Classement | Pays | Nom du fonds | Capitaux (en dollars US) |
---|---|---|---|
1 | Emirats arabes unis | Abu Dhabi Investment Authority | 875 |
2 | Arabie saoudite | SAMA Foreign Holdings | 433 |
3 | Singapour | Government of Singapore Investment Corporation | 330 |
4 | Chine | SAFE Investment Company | 311,6 |
5 | Norvège | Government Pension Fund – Global | 301 |
6 | Koweit | Kuwait Investment Authority | 264,4 |
7 | Chine | China Investment Corporation | 200 |
8 | Russie | National Welfare Fund | 189,7 |
9 | Hong Kong | Hong Kong Monetary Authority Investment Portfolio | 173 |
10 | Singapour | Temasek Holdings | 134 |
11 | Emirats arabes unis | Investment Corporation of Dubai | 82 |
12 | Chine | National Social Security Fund | 74 |
13 | Qatar | Qatar Investment Authority | 60 |
14 | Libye | Libyan Investment Authority | 50 |
15 | Algérie | Revenue Regulation Fund | 47 |
16 | Australie | Australian Future Fund | 43,8 |
17 | Etats-Unis | Alaska Permanent Fund | 39,8 |
18 | Kazhakstan | Kazakhstan National Fund | 38 |
19 | Irlande | National Pensions Reserve Fund | 30,8 |
20 | Brunei | Brunei Investment Agency | 30 |
21 | Corée du Sud | Korea Investment Corporation | 30 |
22 | Malaisie | Khazanah Nasional | 25,7 |
23 | France | Fonds stratégique d'investissement | 25,2 |
24 | Chili | Social and Economic stabilization Fund | 21,3 |
25 | Canada | Alberta's Heritage fund | 16,6 |
Source : Sovereign Wealth Fund Institute, iFRAP |
De plus, il convient de remettre à leur juste place les fonds souverains. Malgré leur forte croissante ces dernières années, la totalité des capitaux des fonds souverains ne représente qu'une part infime des investisseurs institutionnels mondiaux. Comme le montre un article du magazine britannique « The Economist », alors que le patrimoine géré par les fonds souverains s'élève à 3000 milliards de dollars, il n'est que peu de chose face au patrimoine géré par les fonds de pension (près de 21.000 milliards) ou les compagnies d'assurance (18.000 milliards).

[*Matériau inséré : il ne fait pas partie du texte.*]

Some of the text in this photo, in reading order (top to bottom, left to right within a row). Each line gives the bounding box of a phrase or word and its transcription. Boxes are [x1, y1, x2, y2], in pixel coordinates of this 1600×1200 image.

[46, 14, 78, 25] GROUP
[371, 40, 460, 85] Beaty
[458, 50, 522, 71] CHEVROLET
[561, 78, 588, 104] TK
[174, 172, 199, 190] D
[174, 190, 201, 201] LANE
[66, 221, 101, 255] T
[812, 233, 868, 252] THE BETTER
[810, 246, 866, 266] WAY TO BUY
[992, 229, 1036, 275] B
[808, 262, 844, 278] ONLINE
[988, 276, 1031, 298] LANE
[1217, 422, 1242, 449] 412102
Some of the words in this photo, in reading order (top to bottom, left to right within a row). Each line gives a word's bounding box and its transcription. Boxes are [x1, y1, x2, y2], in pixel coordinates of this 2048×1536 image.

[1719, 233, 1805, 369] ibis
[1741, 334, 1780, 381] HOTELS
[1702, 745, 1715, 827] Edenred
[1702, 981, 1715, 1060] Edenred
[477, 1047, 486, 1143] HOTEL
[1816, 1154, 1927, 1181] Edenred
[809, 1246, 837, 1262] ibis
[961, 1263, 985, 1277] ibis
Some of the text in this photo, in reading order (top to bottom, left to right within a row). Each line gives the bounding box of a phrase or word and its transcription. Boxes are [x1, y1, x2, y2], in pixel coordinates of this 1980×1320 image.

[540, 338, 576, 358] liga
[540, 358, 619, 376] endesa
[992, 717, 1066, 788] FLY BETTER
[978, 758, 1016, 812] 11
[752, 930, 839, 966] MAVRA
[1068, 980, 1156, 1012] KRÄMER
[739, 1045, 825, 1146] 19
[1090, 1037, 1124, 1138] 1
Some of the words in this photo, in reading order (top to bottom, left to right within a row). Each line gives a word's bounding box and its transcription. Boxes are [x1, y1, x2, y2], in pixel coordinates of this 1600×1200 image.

Ajoutons que les missions de ce fonds semblent être redondantes avec les missions d'Oséo : l'aide aux PME stratégiques. Avait-t-on véritablement besoin d'un endettement nouveau de l'Etat de 6 milliards d'euros alors que le capital risque investit chaque année plus de 10 milliards d'euros dans les entreprises ?
Plus qu'un fonds souverain aux possibilités d'investissement réduites, à la gouvernance complexe et la réactivité douteuse, nous avons besoin de réformes qui encouragent l'investissement dans les entreprises. La loi ISF TEPA a permis de diriger près d'1 milliard d'euros vers les entreprises en 2008, sans faire appel à la moindre administration. Une réforme du type de celle de l'EIS anglais permettrait de lever plus de 1 milliards d'euros par an pour les entreprises en phase d'amorçage. Pour défendre les PME françaises, autant préférer une multitude de lilliputiens qu'un Gulliver aux pieds et poings liés.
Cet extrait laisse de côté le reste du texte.